Colorado Boosts Affordable Housing Tax Credits to $20M Annually
The Colorado General Assembly passed HB24-1434, signed into law by the governor on May 30, 2024, dramatically expanding the Affordable Housing Tax Credit administered by the Colorado Housing and Finance Authority (CHFA). The bill increases annual allocations starting with $20 million in 2024, peaking at $20 million through 2031, and introduces an accelerated claiming schedule: 70% in the first year and 6% annually over the next five years. It also creates a new refundable tax credit for low-income housing in certified transit-oriented communities, offering $2 million annually from 2025 to 2027, then jumping to $11 million in 2028 and $13 million in 2029.
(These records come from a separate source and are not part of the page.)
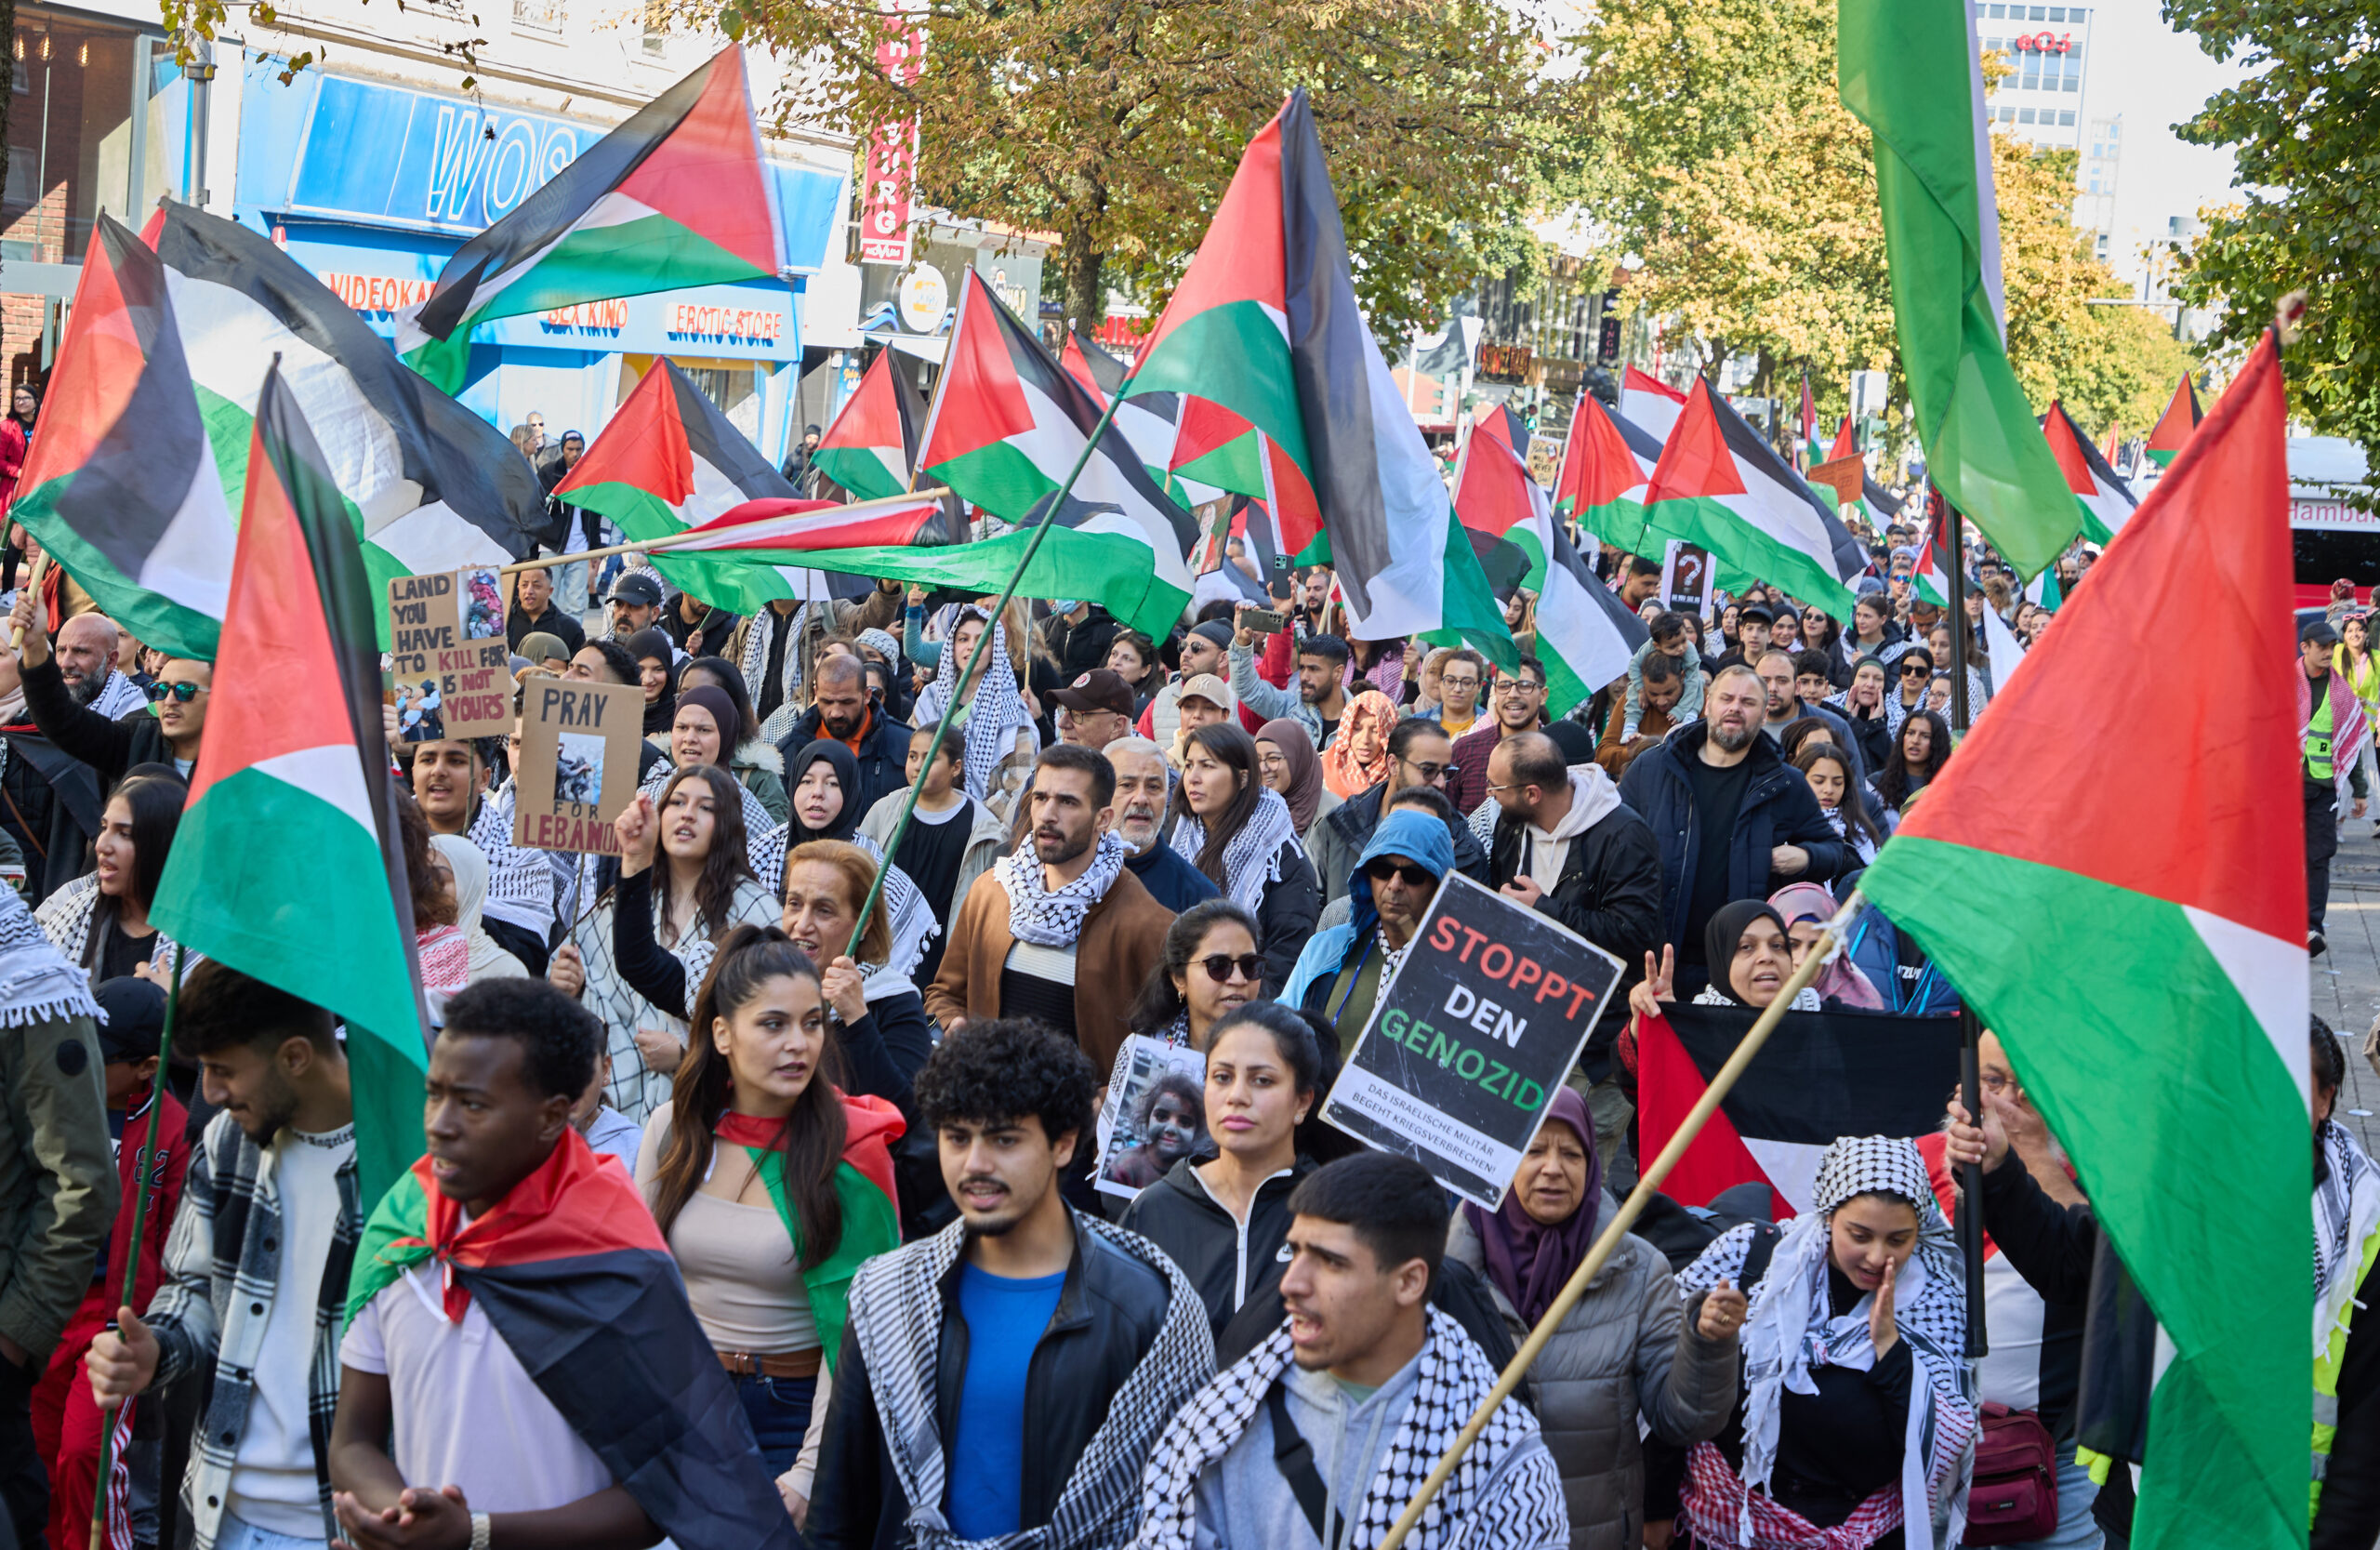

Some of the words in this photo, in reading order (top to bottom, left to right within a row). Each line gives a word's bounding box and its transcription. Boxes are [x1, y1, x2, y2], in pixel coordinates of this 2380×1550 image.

[548, 302, 580, 325] SEX
[588, 298, 628, 328] KINO
[676, 304, 731, 335] EROTIC
[734, 309, 783, 339] STORE
[392, 575, 450, 601] LAND
[392, 602, 427, 625] YOU
[397, 626, 455, 653] HAVE
[395, 653, 426, 674] TO
[438, 649, 475, 671] KILL
[480, 644, 509, 668] FOR
[443, 674, 456, 695] IS
[461, 669, 496, 692] NOT
[445, 693, 505, 722] YOURS
[541, 688, 608, 728] PRAY
[552, 801, 599, 820] FOR
[1428, 916, 1595, 1021] STOPPT
[1443, 984, 1528, 1049] DEN
[1381, 1009, 1544, 1112] GENOZID
[1352, 1092, 1396, 1119] BEGEHT
[1394, 1113, 1497, 1174] KRIEGSVERBRECHEN!
[1368, 1083, 1389, 1101] DAS
[1389, 1094, 1453, 1135] ISRAELISCHE
[1453, 1129, 1495, 1158] MILITÄR
This builds on prior expansions like HB22-1051, which extended the original $10 million annual cap through 2031, addressing Colorado's acute shortage where credits have leveraged federal 4% tax credits to produce about $146,000 per affordable unit from 2015-2020. CHFA caps awards at $1 million per taxpayer per year over six years, totaling $6 million per project, and evaluations confirm the program subsidizes developments in high-demand metro areas like Denver, Aurora, and Colorado Springs. The expansion reduces transfers to the housing development grant fund by $35 million annually from fiscal year 2024-25 through 2031-32 to fund these incentives.
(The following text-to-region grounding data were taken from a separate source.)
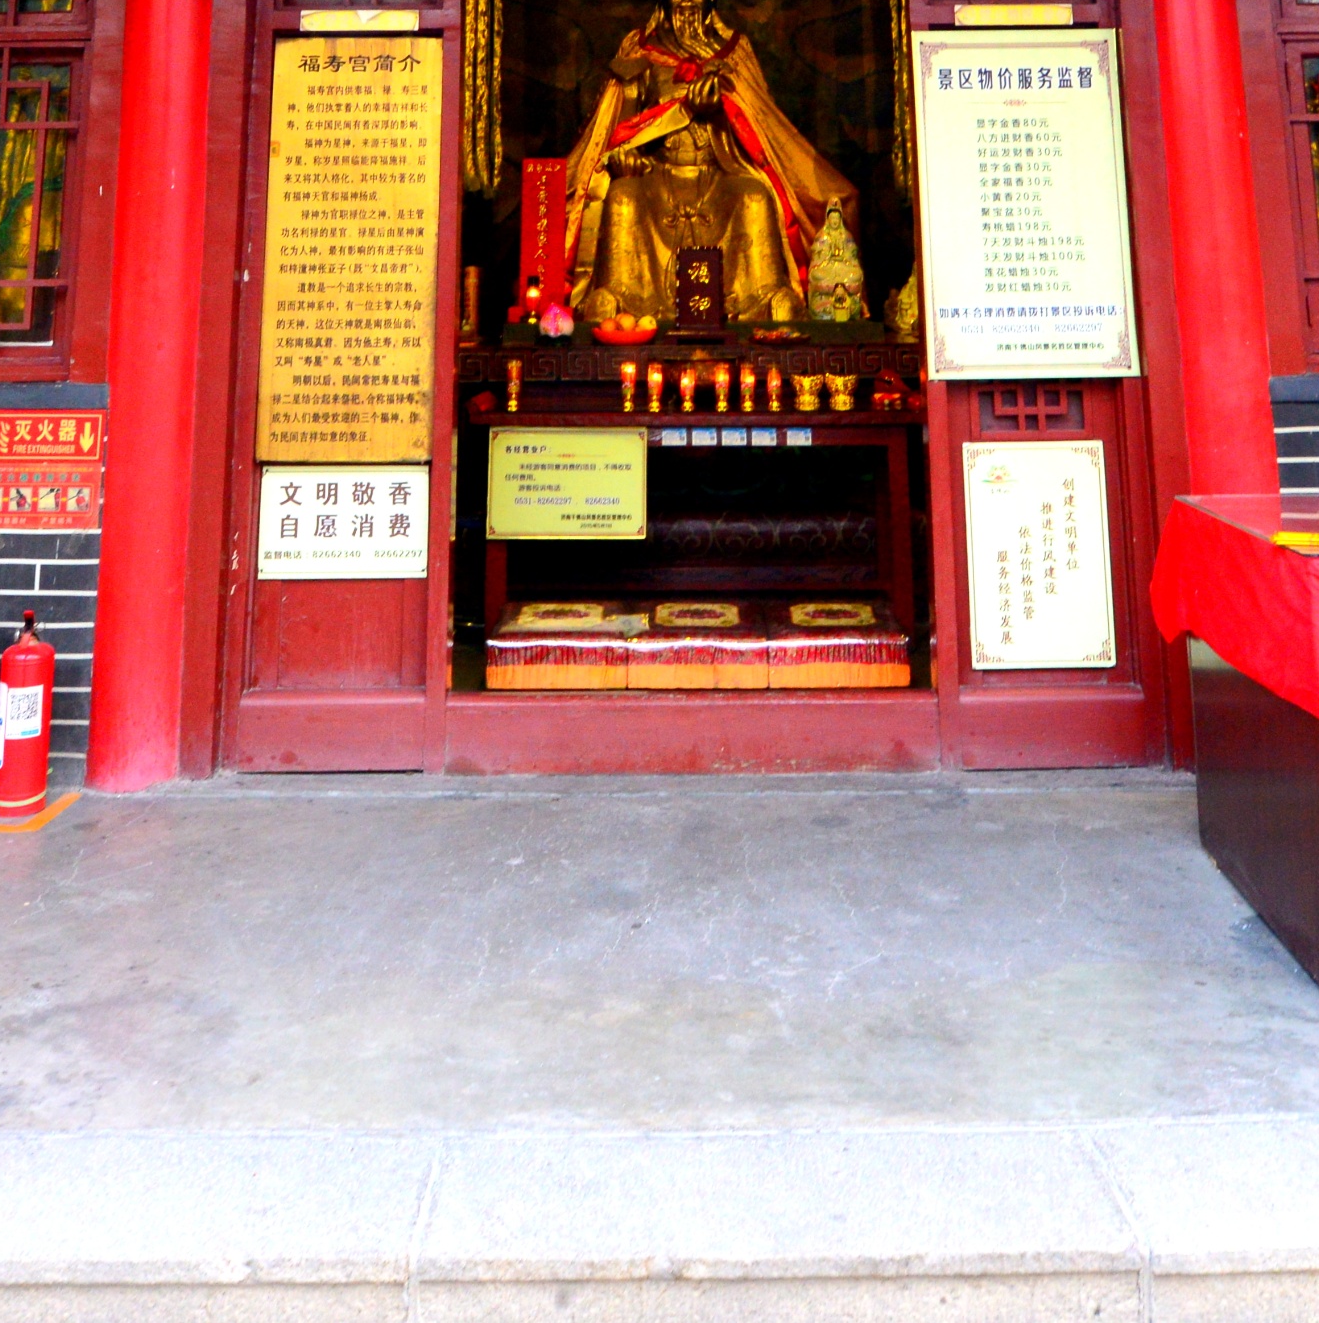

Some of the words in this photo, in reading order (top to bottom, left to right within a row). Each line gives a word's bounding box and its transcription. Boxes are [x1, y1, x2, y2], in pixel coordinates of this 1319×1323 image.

[297, 54, 422, 73] 福寿宫简介
[938, 66, 1094, 91] 景区物价服务监督
[13, 418, 77, 442] 灭火器
[12, 444, 27, 455] FIRE
[280, 482, 412, 506] 文明敬香
[280, 514, 412, 539] 自愿消费
[374, 549, 423, 558] 82662297
Local leaders hailed the measure amid Colorado's housing crunch, where median rents in Denver exceed $2,000 monthly. Speaker Pro Tempore Andy Boesenecker, D-Fort Collins, called it a 'breakthrough' alongside related bills like SB26-001, which empowers counties and cities to sell or lease public land for workforce housing. The credits target projects making units feasible for low- and middle-income families, leveraging Proposition 123 funds approved by voters in 2022.